O. S. Hill and Cowgill & Popham for respondent.

The failure of defendant to properly inspect the car in question and to discover and remove the piece of grain door on the brake platform, admittedly the cause of plaintiff's fall and injury, was established by facts and circumstances and legitimate inferences, clearly presenting a submissible issue for the jury. Cole v. Ry. Co., 61 S.W.2d 346; Baker v. Railroad Co., 327 Mo. 986, 39 S.W.2d 543; Burtch v. Ry. Co., 236 S.W. 343; Farber v. Ins. Co., 215 Mo.App. 571, 256 S.W. 1079; Soeder v. Railroad Co., 100 Mo.App. 673, 13 S.W. 714; Youngue v. Railroad Co., 133 Mo.App. 141; Wack v. Railroad Co., 175 Mo.App. 121, 157 S.W. 1070; Settle v. Ry. Co., 127 Mo.App. 341; Hardwick v. Railroad Co., 181 Mo.App. 156; Laughlin v. Railroad Co., 205 S.W. 5; Genta v. Ross, 37 S.W.2d 969; Erie Railroad Co. v. Schomer, 171 F. 803; Felton v. Bullard, 94 F. 787; Perkins v. Railroad Co., 199 F. 719; Stubbs v. Rochester, 226 N.Y. 516, 124 N.E. 137, 5 A. L. R. 1401; Chocktaw v. McDade, 191 U.S. 64, 48 L.Ed. 96; Wabash Screen Door v. Black, 126 F. 725; Winters v. Railroad Co., 177 F. 54; Federal Mining & Smelting Co. v. Anderson, 253 F. 362; Myers v. Pittsburgh Coal Co., 233 U.S. 193, 158 L.Ed. 911; Wigmore on Evidence, art. 41; 1 Jones on Evidence, p. 39; Pinshaw v. State, 147 Ind. 334, 47 N.E. 158.

OPINION

Gantt, P. J.

Action under the Federal Employers' Liability Act. Plaintiff was injured while serving defendant as switchman in its yard at Rosedale, Kansas. It was his duty to set the brake on cars switched to different tracks. In the performance of said duty he fell from the brake platform attached to the end of a car and was injured. Judgment for $ 20,000.

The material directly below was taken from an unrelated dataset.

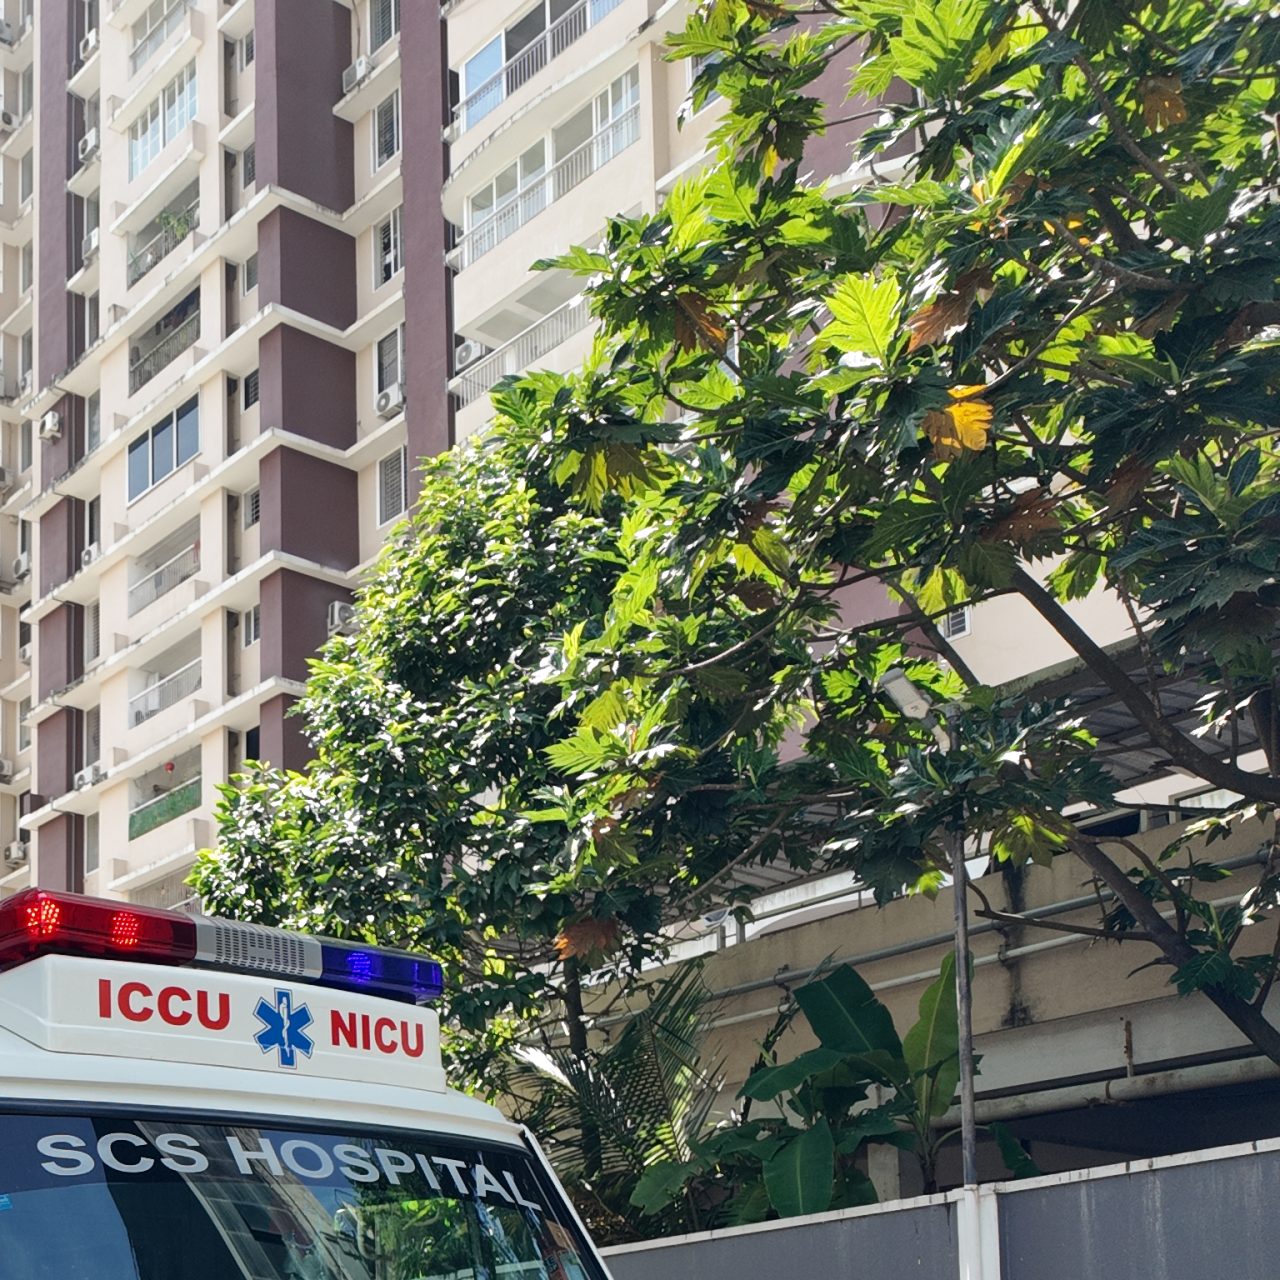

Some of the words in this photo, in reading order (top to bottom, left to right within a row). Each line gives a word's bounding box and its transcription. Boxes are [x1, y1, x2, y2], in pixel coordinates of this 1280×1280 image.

The petition charged that defendant negligently failed to inspect the brake platform and that as a direct result of said negligence, plaintiff was injured. The case was submitted to the jury on this charge of negligence. Defendant contends that its instruction, in the nature of a demurrer, should have been given at the close of the evidence. There was evidence tending to show the following:

The yard at Rosedale is a "good sized" railroad yard, with two night watchmen on duty. A large grain elevator is serviced by four of defendant's tracks extending north and south in said yard. The elevator is between Clinton and Mill streets, which streets intersect said tracks. The yard is not fenced, and the streets are main traveled thoroughfares of the city. Tracks one and two extend along the east side of the elevator, and cars on said tracks are loaded from the elevator. Tracks three and four extend along the west side of the elevator, and cars loaded with grain are "spotted" on said tracks south of the elevator, usually in the nighttime. In the morning the grain company moves the loaded cars northward to unloading pits under said tracks and adjacent to the elevator. The cars are unloaded into the pits and then moved northward. The pits are covered by a shed of sufficient height to clear a switchman standing on top of a car. The unloaded cars remain on said track until removed by a switching crew. Cars loaded with grain are received daily at the elevator.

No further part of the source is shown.